The ‘Drive to Survive effect’ has been widely credited for the vast crowd which descended on the Circuit of the Americas for this weekend’s United States Grand Prix.
Before the race weekend began Max Verstappen revealed he hasn’t co-operated with the programme-makers since the first season, which followed the events of the 2018 championship, because he felt its portrayal of him was inaccurate.
“I understand that it needs to be done, especially to boost the popularity here in North America just to get people a bit more of an insight about Formula 1 because normally you don’t really get that,” he said.

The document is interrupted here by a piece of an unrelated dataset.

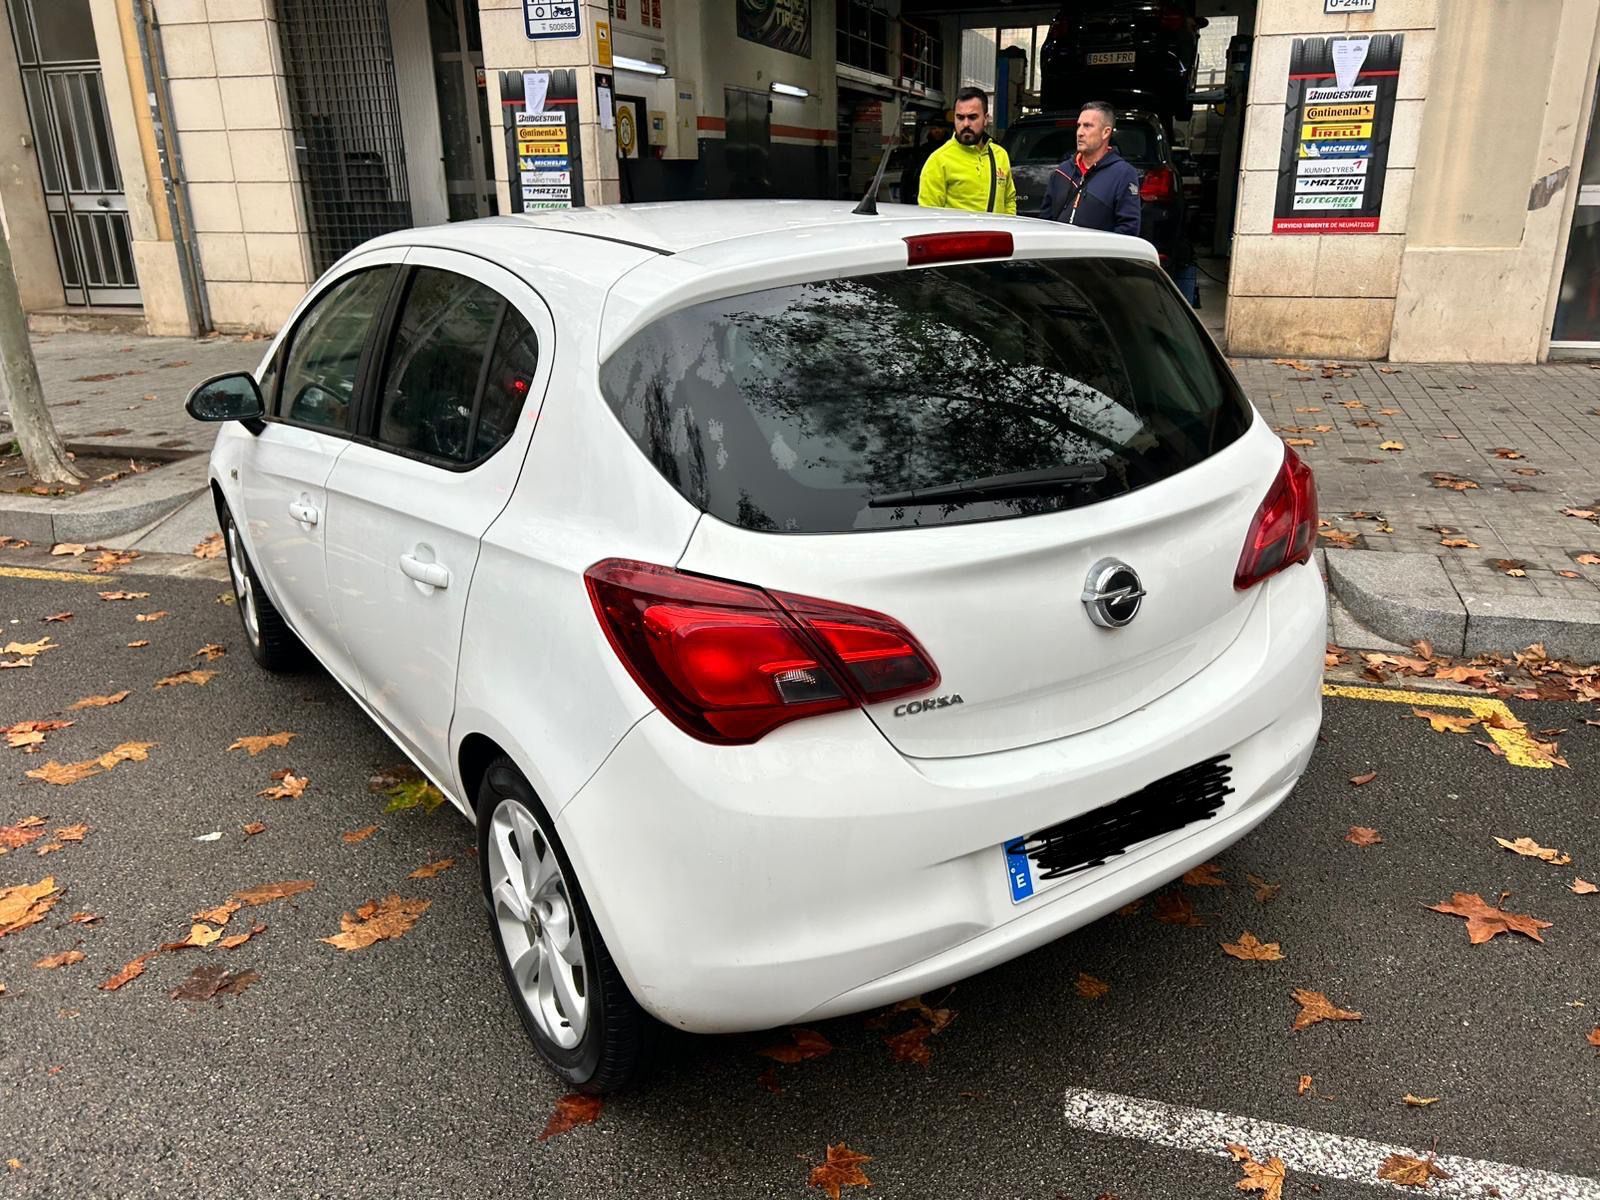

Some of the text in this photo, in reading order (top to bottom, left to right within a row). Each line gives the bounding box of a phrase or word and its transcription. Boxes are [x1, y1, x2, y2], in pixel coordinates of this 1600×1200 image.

“But from my side, as a driver, I don’t like to be a part of it because you do interviews and you don’t know what it’s going to be used for. So, for example, in my first year I gave interviews but, of course, when I watched the series I know when I said these things and then they use it on a different kind of footage, they would fake a lot of stuff.
“For me that – as a driver, I don’t look at it as a fan – I think that’s not correct. But I understand as a Netflix show, they want to make it more dramatic for people and make it look like this epic kind of battle. Where sometimes they faked a few like rivalries or whatever which, they don’t really exist.
“So I decided to not be a part of it and I didn’t give any interviews after that anymore, really, just because then there is nothing to show. There is nothing they can fake about you.”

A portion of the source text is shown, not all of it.